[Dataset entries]
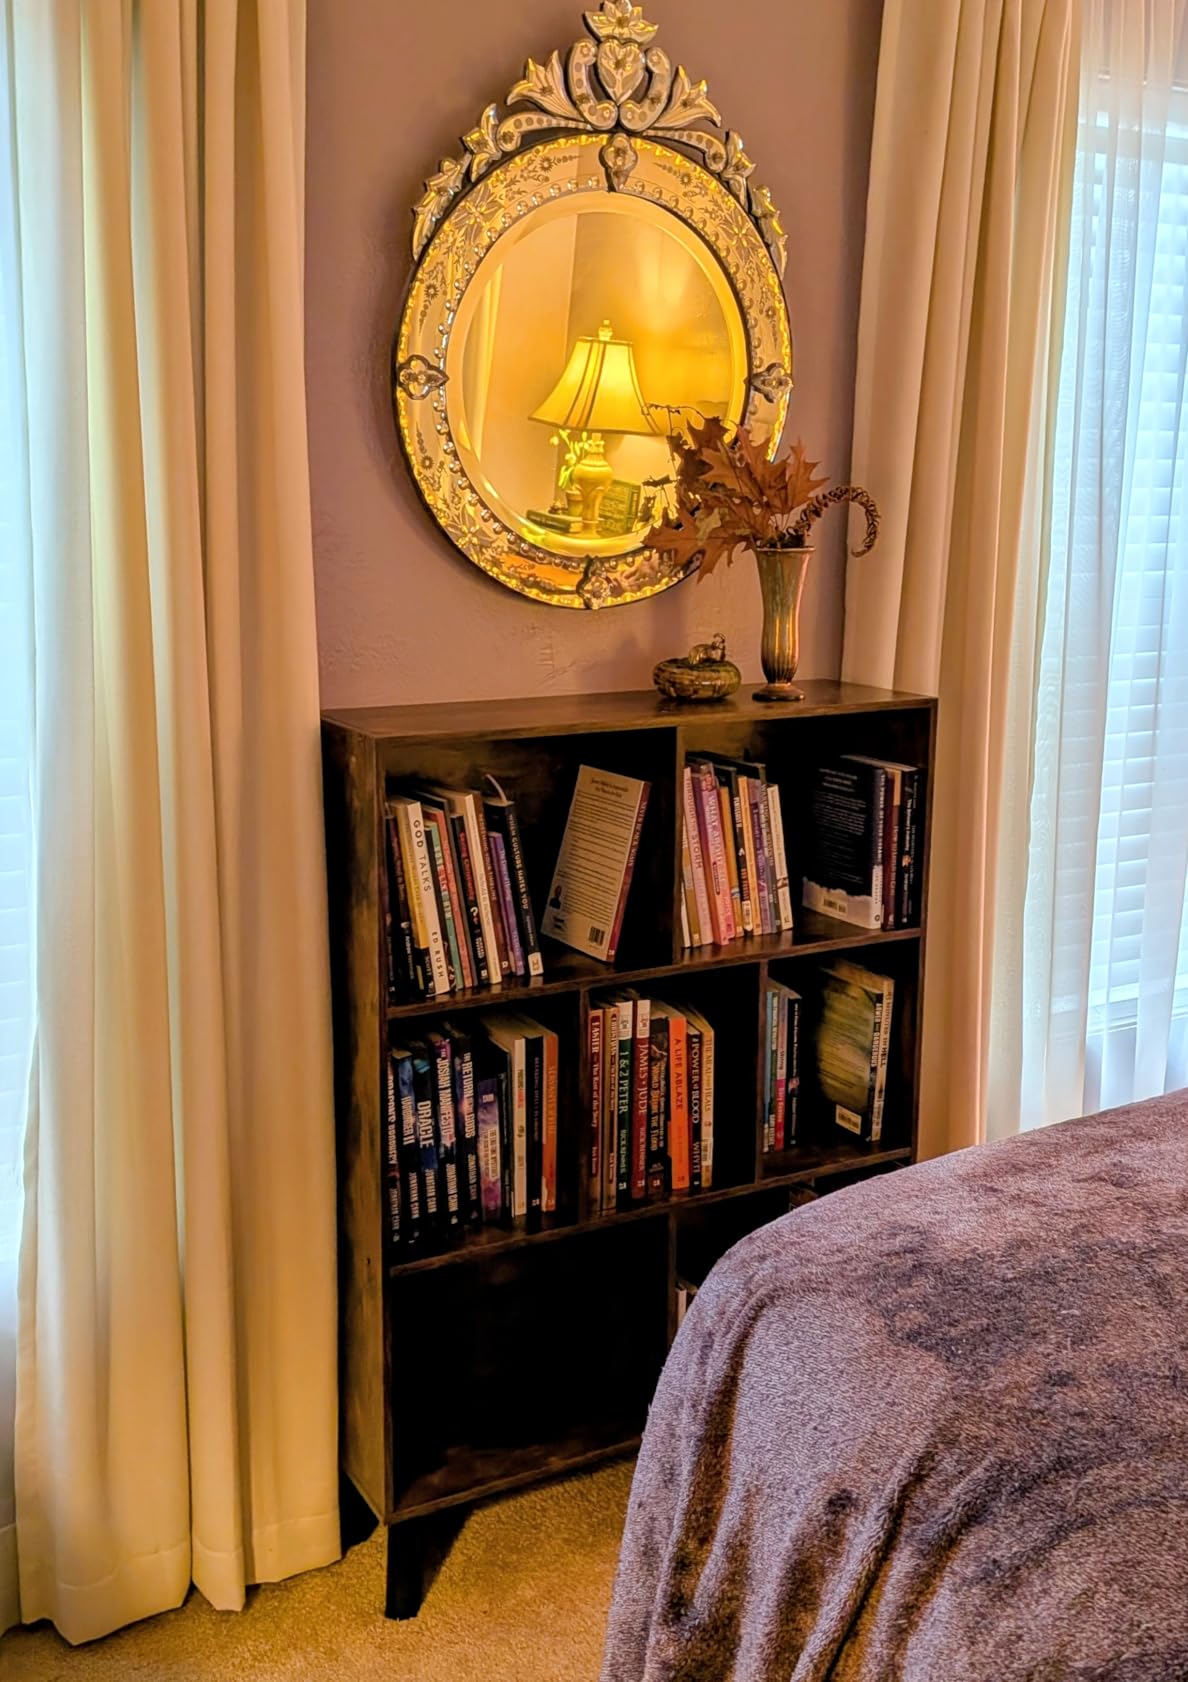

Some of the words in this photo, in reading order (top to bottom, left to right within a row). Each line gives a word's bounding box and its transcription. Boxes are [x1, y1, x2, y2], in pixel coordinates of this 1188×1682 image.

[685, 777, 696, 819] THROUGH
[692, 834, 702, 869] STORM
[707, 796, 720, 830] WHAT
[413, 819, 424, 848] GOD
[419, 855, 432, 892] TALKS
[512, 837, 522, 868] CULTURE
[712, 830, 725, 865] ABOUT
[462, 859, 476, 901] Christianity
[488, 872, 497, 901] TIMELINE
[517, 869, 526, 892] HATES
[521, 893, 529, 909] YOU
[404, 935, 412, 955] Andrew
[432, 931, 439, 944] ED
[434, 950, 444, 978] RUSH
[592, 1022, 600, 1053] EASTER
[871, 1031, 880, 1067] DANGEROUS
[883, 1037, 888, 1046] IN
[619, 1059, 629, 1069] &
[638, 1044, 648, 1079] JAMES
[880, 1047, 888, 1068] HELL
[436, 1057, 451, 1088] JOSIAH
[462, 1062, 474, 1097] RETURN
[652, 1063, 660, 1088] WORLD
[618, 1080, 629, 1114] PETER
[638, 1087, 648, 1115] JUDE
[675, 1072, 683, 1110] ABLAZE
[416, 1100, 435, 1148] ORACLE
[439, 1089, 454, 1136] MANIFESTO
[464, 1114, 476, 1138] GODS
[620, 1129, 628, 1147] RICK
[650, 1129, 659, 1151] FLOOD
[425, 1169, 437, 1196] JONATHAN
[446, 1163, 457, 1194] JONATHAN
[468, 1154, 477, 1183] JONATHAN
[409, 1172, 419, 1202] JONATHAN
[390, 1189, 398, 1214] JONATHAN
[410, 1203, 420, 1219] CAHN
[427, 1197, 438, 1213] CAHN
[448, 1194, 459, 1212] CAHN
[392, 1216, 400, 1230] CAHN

## EXERCISE
Your job is to copy each entry exactly as written; the pictures do not go in.

## RESULT OF THE EXERCISE
Some of the words in this photo, in reading order (top to bottom, left to right within a row). Each line gives a word's bounding box and its transcription. Boxes are [x1, y1, x2, y2], in pixel coordinates of this 1188×1682 image.

[685, 777, 696, 819] THROUGH
[692, 834, 702, 869] STORM
[707, 796, 720, 830] WHAT
[413, 819, 424, 848] GOD
[419, 855, 432, 892] TALKS
[512, 837, 522, 868] CULTURE
[712, 830, 725, 865] ABOUT
[462, 859, 476, 901] Christianity
[488, 872, 497, 901] TIMELINE
[517, 869, 526, 892] HATES
[521, 893, 529, 909] YOU
[404, 935, 412, 955] Andrew
[432, 931, 439, 944] ED
[434, 950, 444, 978] RUSH
[592, 1022, 600, 1053] EASTER
[871, 1031, 880, 1067] DANGEROUS
[883, 1037, 888, 1046] IN
[619, 1059, 629, 1069] &
[638, 1044, 648, 1079] JAMES
[880, 1047, 888, 1068] HELL
[436, 1057, 451, 1088] JOSIAH
[462, 1062, 474, 1097] RETURN
[652, 1063, 660, 1088] WORLD
[618, 1080, 629, 1114] PETER
[638, 1087, 648, 1115] JUDE
[675, 1072, 683, 1110] ABLAZE
[416, 1100, 435, 1148] ORACLE
[439, 1089, 454, 1136] MANIFESTO
[464, 1114, 476, 1138] GODS
[620, 1129, 628, 1147] RICK
[650, 1129, 659, 1151] FLOOD
[425, 1169, 437, 1196] JONATHAN
[446, 1163, 457, 1194] JONATHAN
[468, 1154, 477, 1183] JONATHAN
[409, 1172, 419, 1202] JONATHAN
[390, 1189, 398, 1214] JONATHAN
[410, 1203, 420, 1219] CAHN
[427, 1197, 438, 1213] CAHN
[448, 1194, 459, 1212] CAHN
[392, 1216, 400, 1230] CAHN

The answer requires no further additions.